_Exercise aim_
An exact reproduction of the listing is wanted, with the pictures dropped.

_ _ _ _ _ _ _

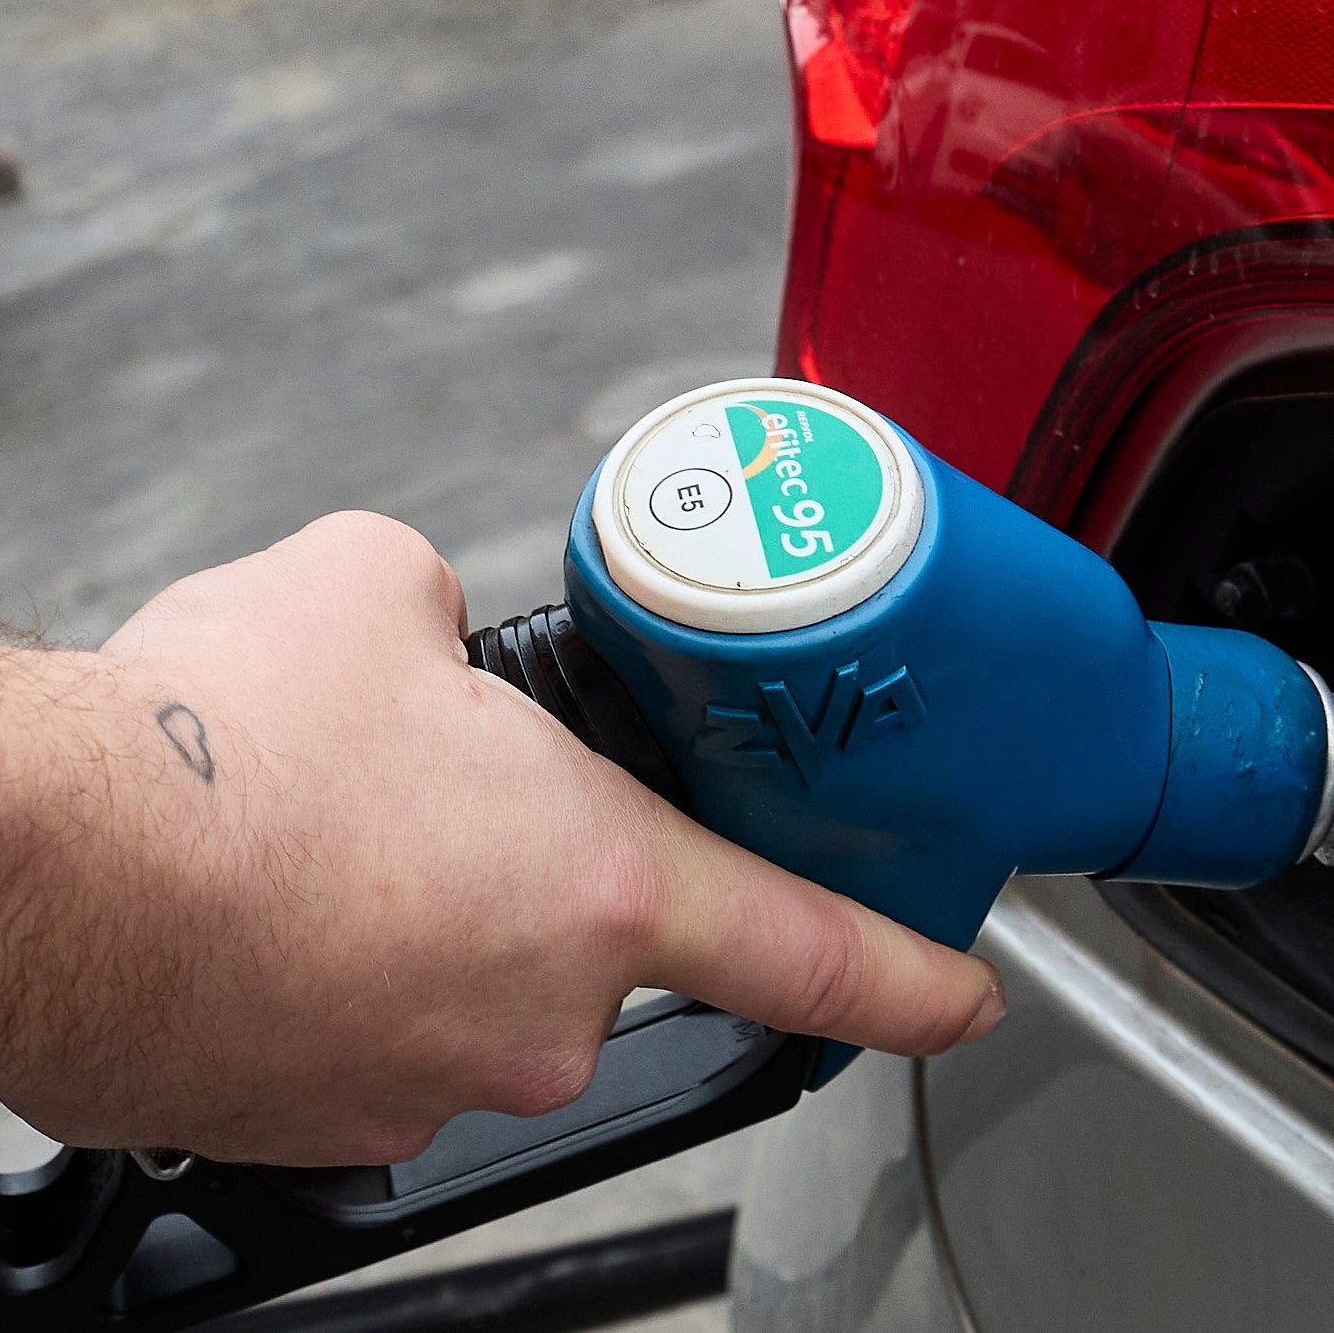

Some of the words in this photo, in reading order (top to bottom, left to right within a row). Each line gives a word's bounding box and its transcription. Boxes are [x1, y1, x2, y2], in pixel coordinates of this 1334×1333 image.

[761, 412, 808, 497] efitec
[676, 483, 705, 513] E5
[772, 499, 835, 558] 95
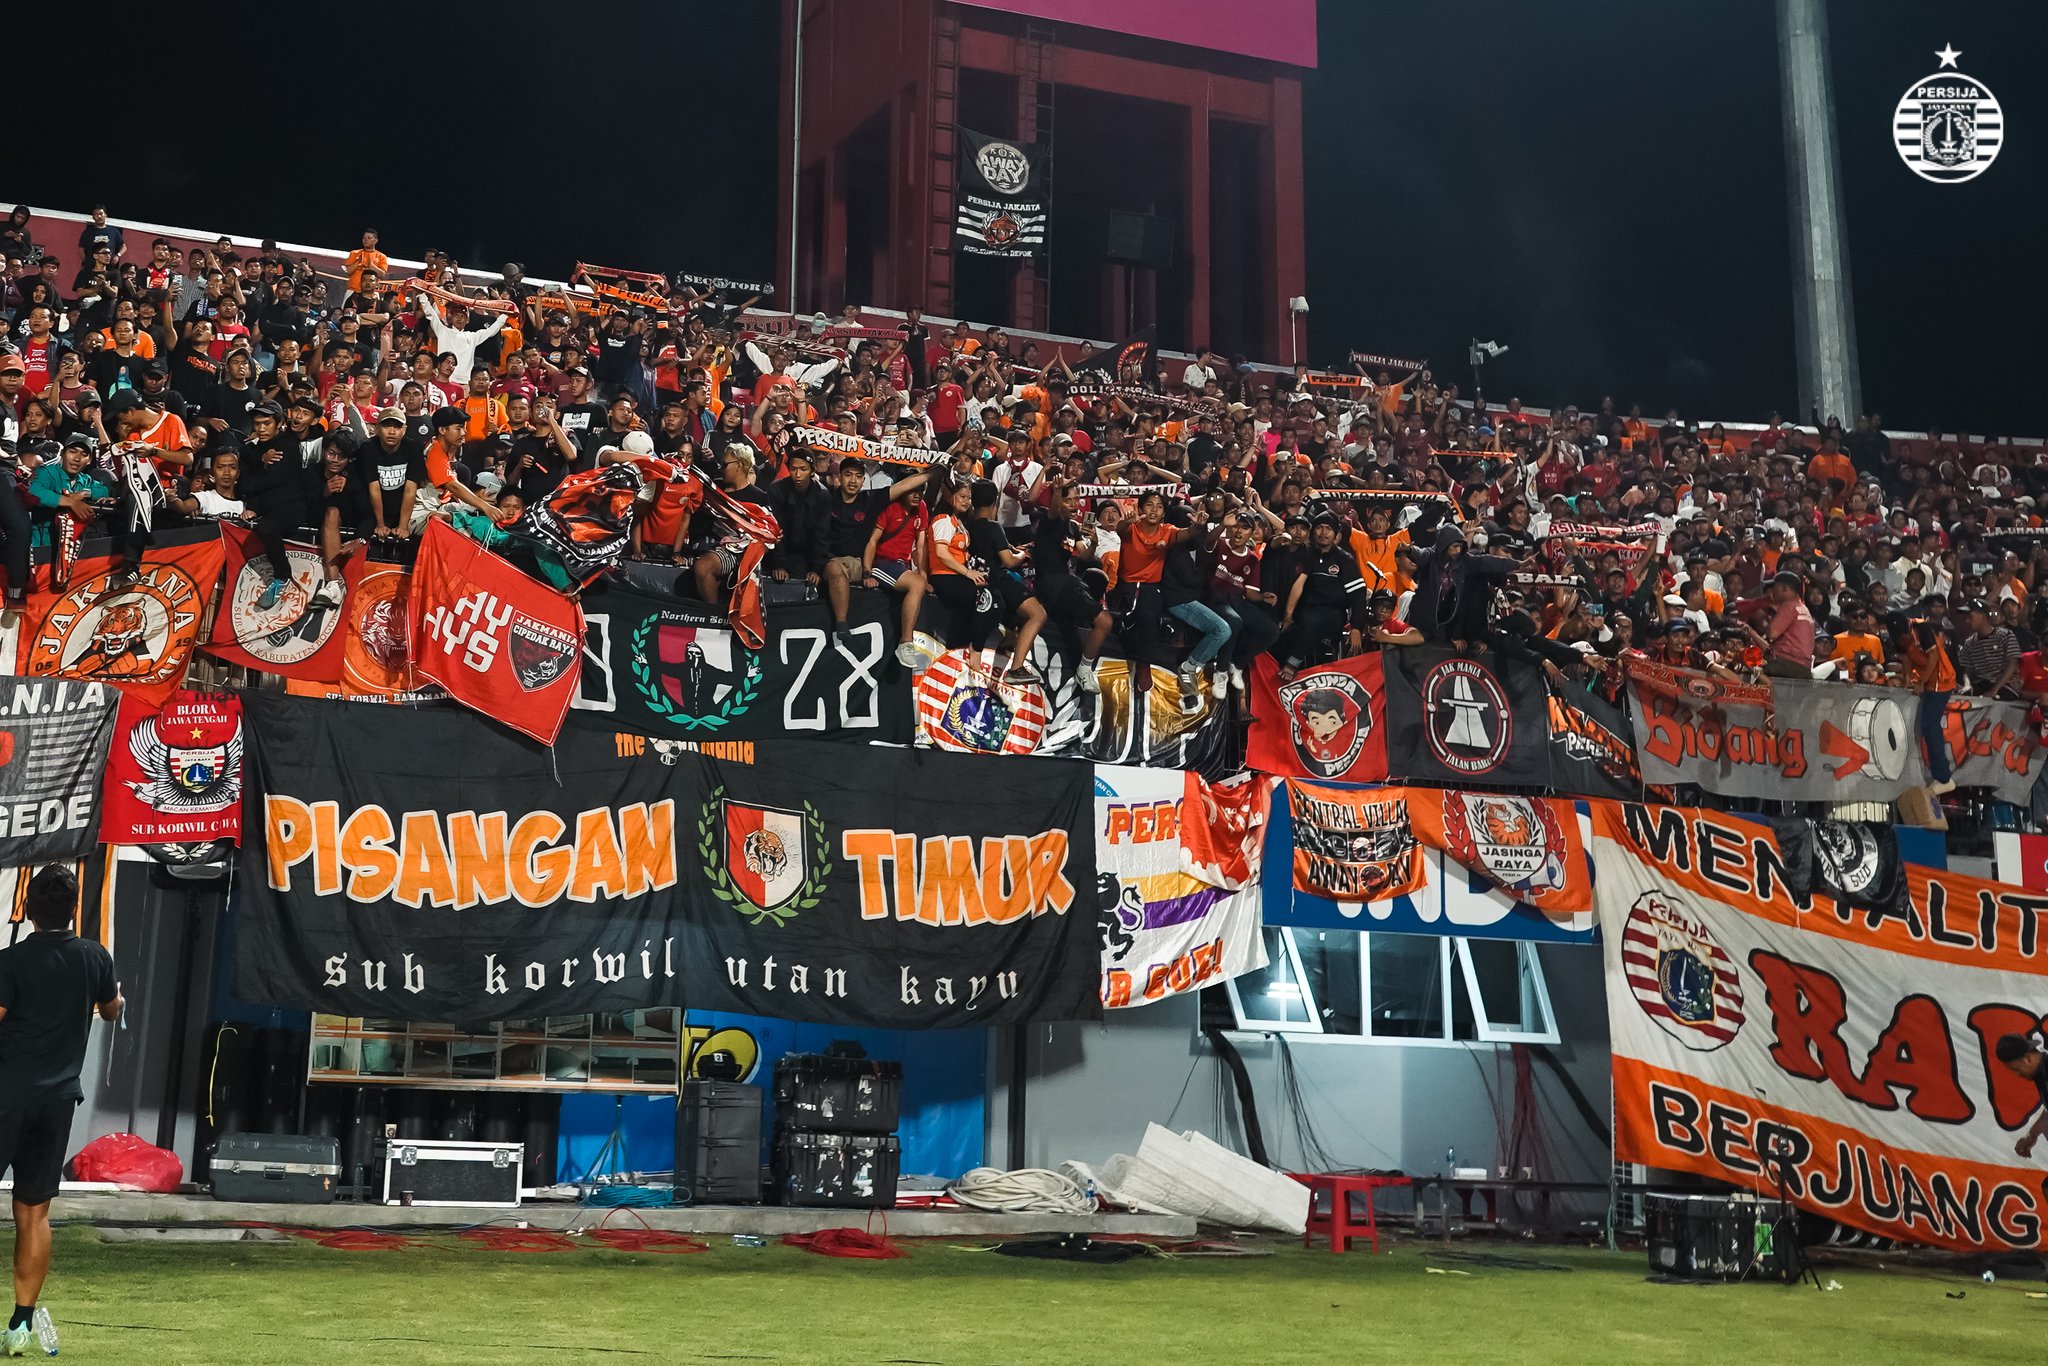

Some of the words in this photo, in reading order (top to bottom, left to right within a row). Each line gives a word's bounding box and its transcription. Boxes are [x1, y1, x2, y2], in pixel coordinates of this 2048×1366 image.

_ _ _ _ _ _ _

_Answer to the exercise_
Some of the words in this photo, in reading order (top to bottom, left to right within a row). Each line gives a word's bounding box and its transcription. Boxes are [x1, y1, x2, y2], in pixel coordinates of this 1334×1333 image.

[761, 412, 808, 497] efitec
[676, 483, 705, 513] E5
[772, 499, 835, 558] 95

Some of the words in this photo, in reading order (top to bottom, left to right within a row). Each line gives a word's bounding box and its transcription. Boxes are [x1, y1, x2, y2], in pixel coordinates of this 2048×1366 image.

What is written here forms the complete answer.